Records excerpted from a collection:
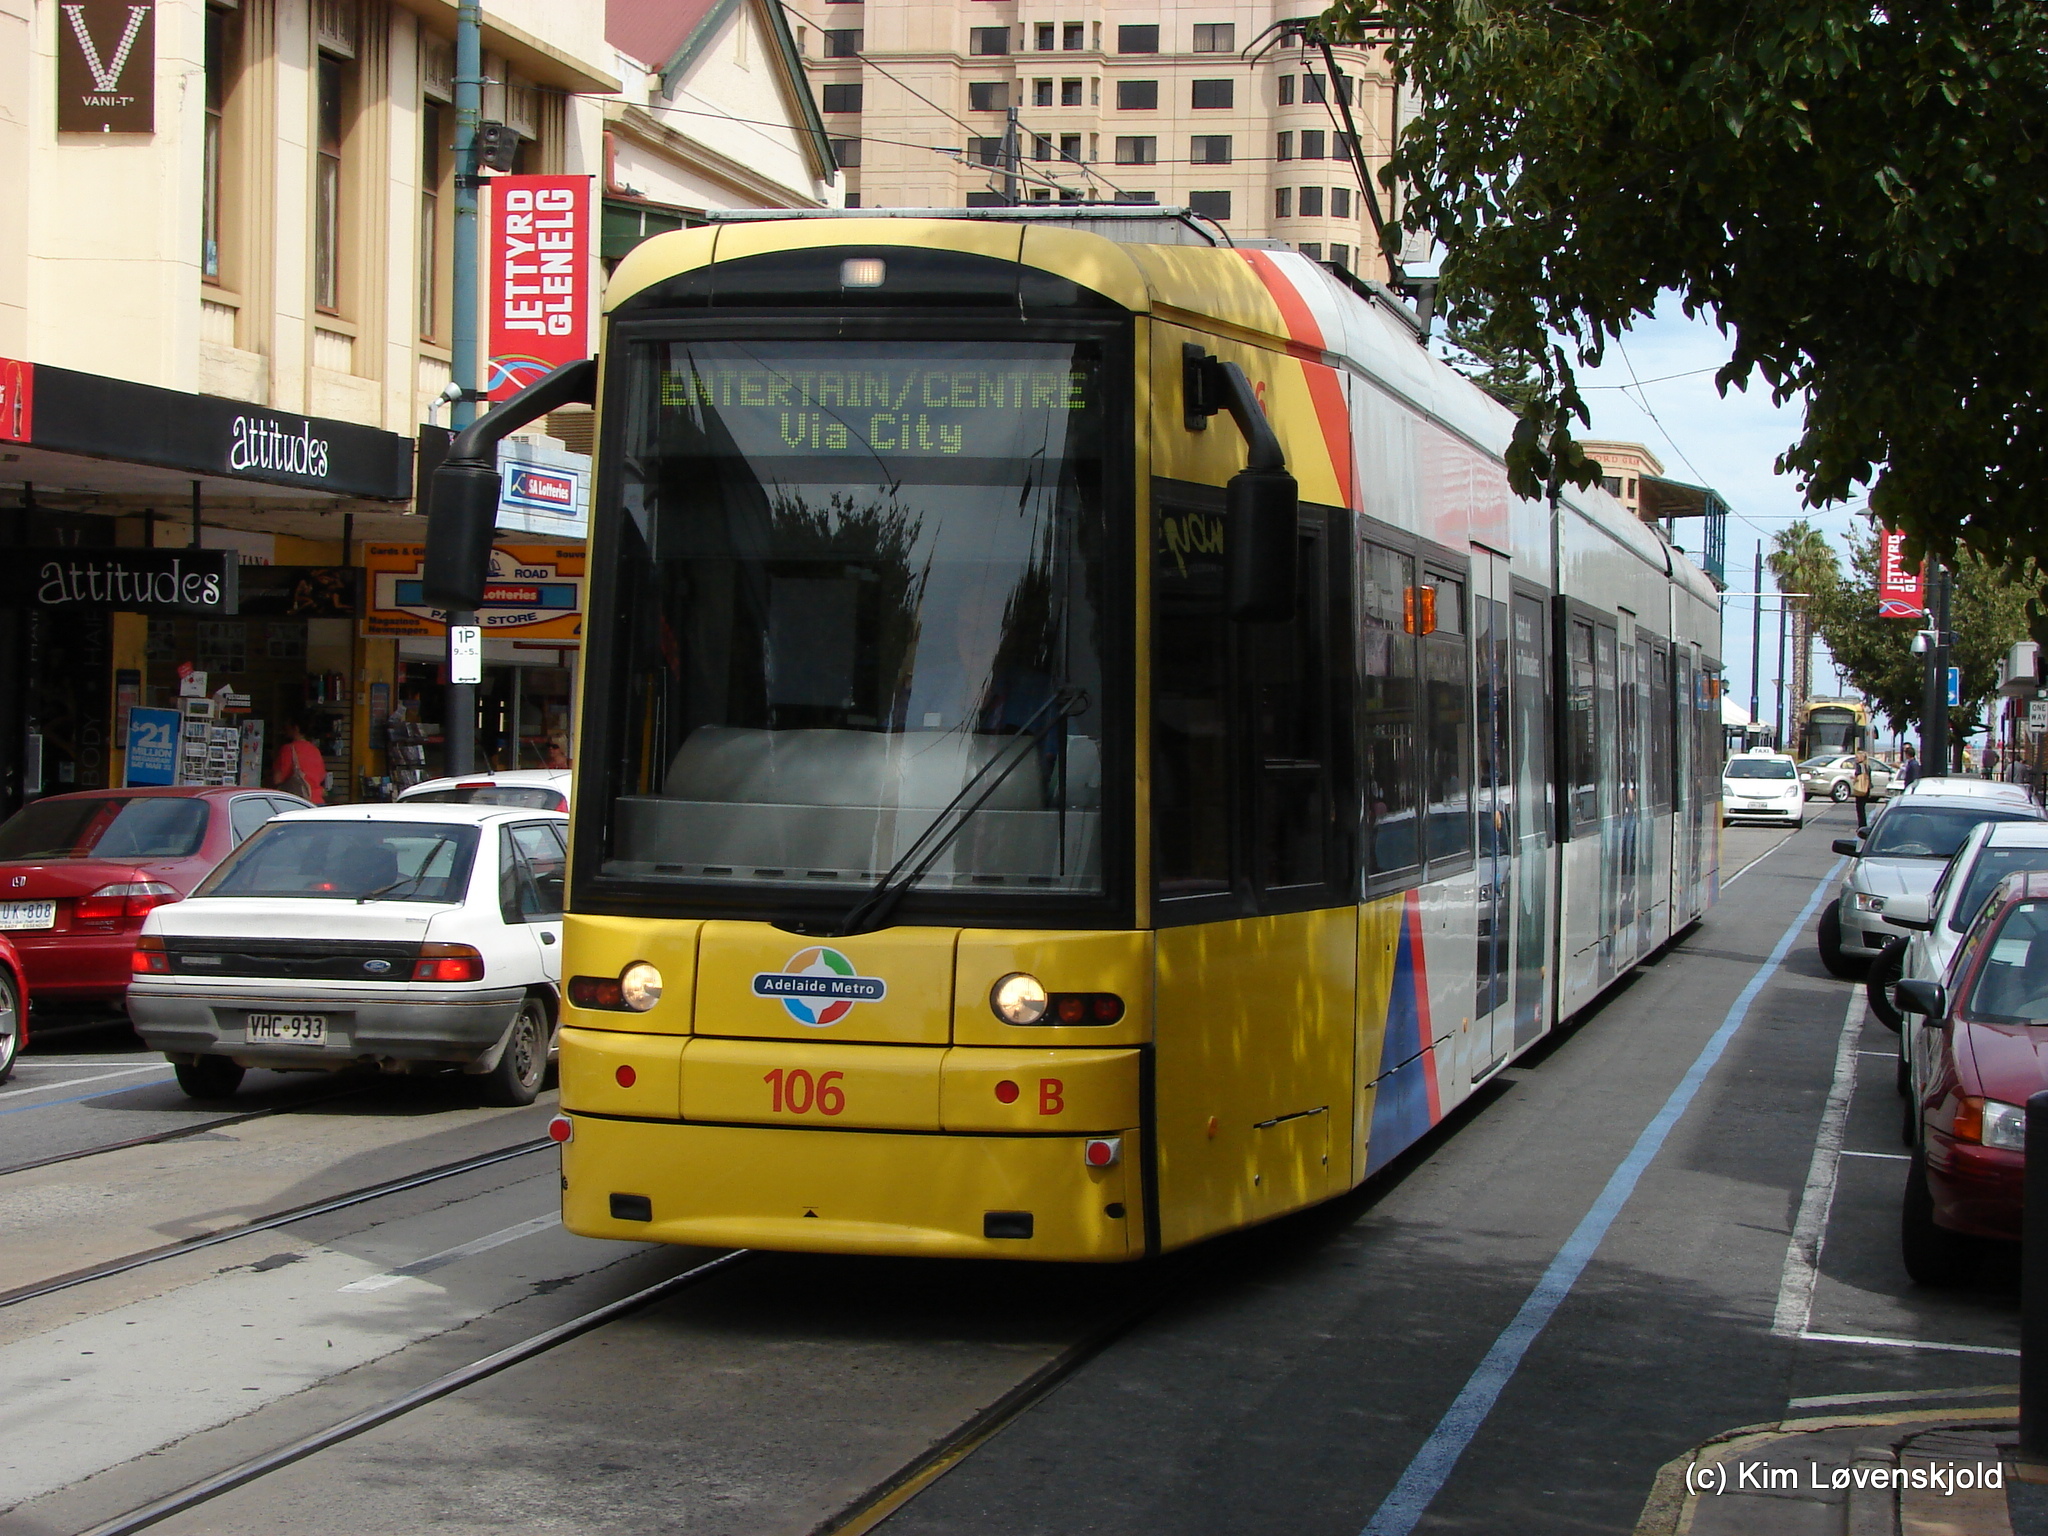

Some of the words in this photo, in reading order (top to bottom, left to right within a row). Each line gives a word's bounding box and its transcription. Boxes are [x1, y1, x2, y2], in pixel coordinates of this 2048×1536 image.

[61, 4, 151, 92] V
[505, 190, 546, 335] JETTYRD
[535, 189, 573, 335] GLENELG
[231, 415, 328, 478] attitudes
[780, 412, 847, 449] Via
[870, 413, 963, 454] City
[528, 478, 538, 495] SA
[539, 480, 569, 500] Lotteries
[38, 558, 220, 605] attitudes
[514, 568, 549, 579] ROAD
[368, 617, 421, 627] Magazines
[368, 626, 429, 636] Newspapers
[487, 611, 538, 625] STORE
[458, 630, 476, 644] 1P
[2032, 704, 2046, 712] ONE
[130, 721, 173, 749] $21
[764, 979, 827, 992] Adelaide
[831, 981, 875, 995] Metro
[763, 1068, 845, 1116] 106
[1039, 1078, 1064, 1115] B

_WORK INSTRUCTION_:
Output each line above exactly as it stands, omitting the pictures.

_SOLUTION TO THIS PROBLEM_:
Some of the words in this photo, in reading order (top to bottom, left to right within a row). Each line gives a word's bounding box and its transcription. Boxes are [x1, y1, x2, y2], in pixel coordinates of this 2048×1536 image.

[61, 4, 151, 92] V
[505, 190, 546, 335] JETTYRD
[535, 189, 573, 335] GLENELG
[231, 415, 328, 478] attitudes
[780, 412, 847, 449] Via
[870, 413, 963, 454] City
[528, 478, 538, 495] SA
[539, 480, 569, 500] Lotteries
[38, 558, 220, 605] attitudes
[514, 568, 549, 579] ROAD
[368, 617, 421, 627] Magazines
[368, 626, 429, 636] Newspapers
[487, 611, 538, 625] STORE
[458, 630, 476, 644] 1P
[2032, 704, 2046, 712] ONE
[130, 721, 173, 749] $21
[764, 979, 827, 992] Adelaide
[831, 981, 875, 995] Metro
[763, 1068, 845, 1116] 106
[1039, 1078, 1064, 1115] B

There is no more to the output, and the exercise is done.